1984 hatte die australische Regierung die Königliche Maralinga-Kommission eingerichtet und mit der Aufgabe betraut, die Auswirkungen der Atomtests zu untersuchen, Vorschläge zum Schutz der Menschen vor der nuklearen Verstrahlung zu unterbreiten und die sichersten Maßnahmen zur Lagerung und zur Beseitigung radioaktiver Substanzen und von Giftmaterial herauszufinden.

"Doch die Geheimakten gelangten erst 2003 an die Öffentlichkeit - 50 Jahre nach den Atomtests. Es ist hinreichend bekannt, dass Plutonium 239 in dieser Region unter freiem Himmel gelagert wird. Die giftigen Stoffe werden vom Wind in alle Richtungen getragen und von den Menschen eingeatmet. Selbst unsere Nahrungsmittel aus dem Busch sind vergiftet", sagt Lester. "Es ist erstaunlich, dass es dennoch Menschen gibt, die behaupten, dass die Gebiete sicher seien und für den Tourismus entwickelt werden könnten."

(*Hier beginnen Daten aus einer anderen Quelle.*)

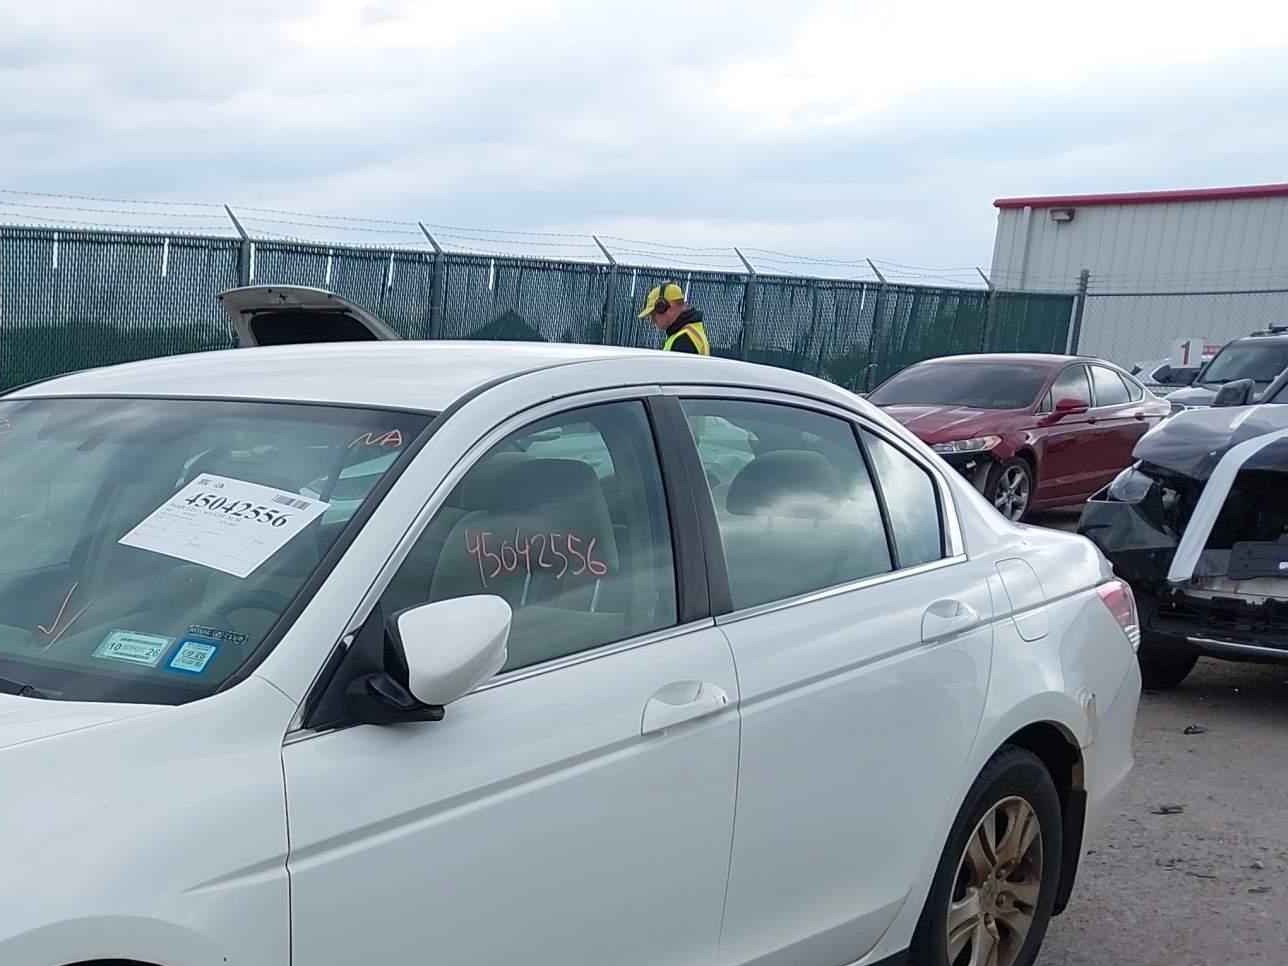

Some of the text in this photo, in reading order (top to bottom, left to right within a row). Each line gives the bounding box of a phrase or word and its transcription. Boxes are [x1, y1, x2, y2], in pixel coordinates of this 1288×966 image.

Die Dekontaminierung der ehemaligen Atomtestgelände obliegt der Bundesregierung. Im Interview mit ABC erklärte der Atomingenieur und ehemalige Regierungsberater für die Entseuchung von Maralinga, Allan Parkinson, dass nach wie vor mehr als 100 Quadratkilometer mit Plutonium 239 kontaminiert seien und die Halbwertzeit 24.000 Jahre betrage.

Regierung soll Verantwortung übernehmen

Lester zufolge muss die Regierung in die Verantwortung für die schlimmen Auswirkungen des atomaren Erbes gehen. "Viele Menschen sind sofort nach den Atomtests gestorben, andere leiden bis heute an chronischen Krankheiten, Krebs und Behinderungen. Ganz zu schweigen von den seelischen, psychologischen und sozialen Folgen und dem Schmerz, Angehörige sterben zu sehen. Die Atomtests haben unsere Kultur ausgehöhlt und unser Volk weiter marginalisiert", erklärt sie.

Auch Anti-Atom-Aktivisten haben die verantwortlichen Staaten aufgefordert, dass sie für die katastrophalen Folgen die Verantwortung übernehmen und der Uranbergbau in Australien eingestellt wird. Auf dem letzten ANFA-Treffen war zu hören, dass 40.000 Magazine mit abgereichertem Uran als Waffen bei australischen Militärübungen eingesetzt wurden.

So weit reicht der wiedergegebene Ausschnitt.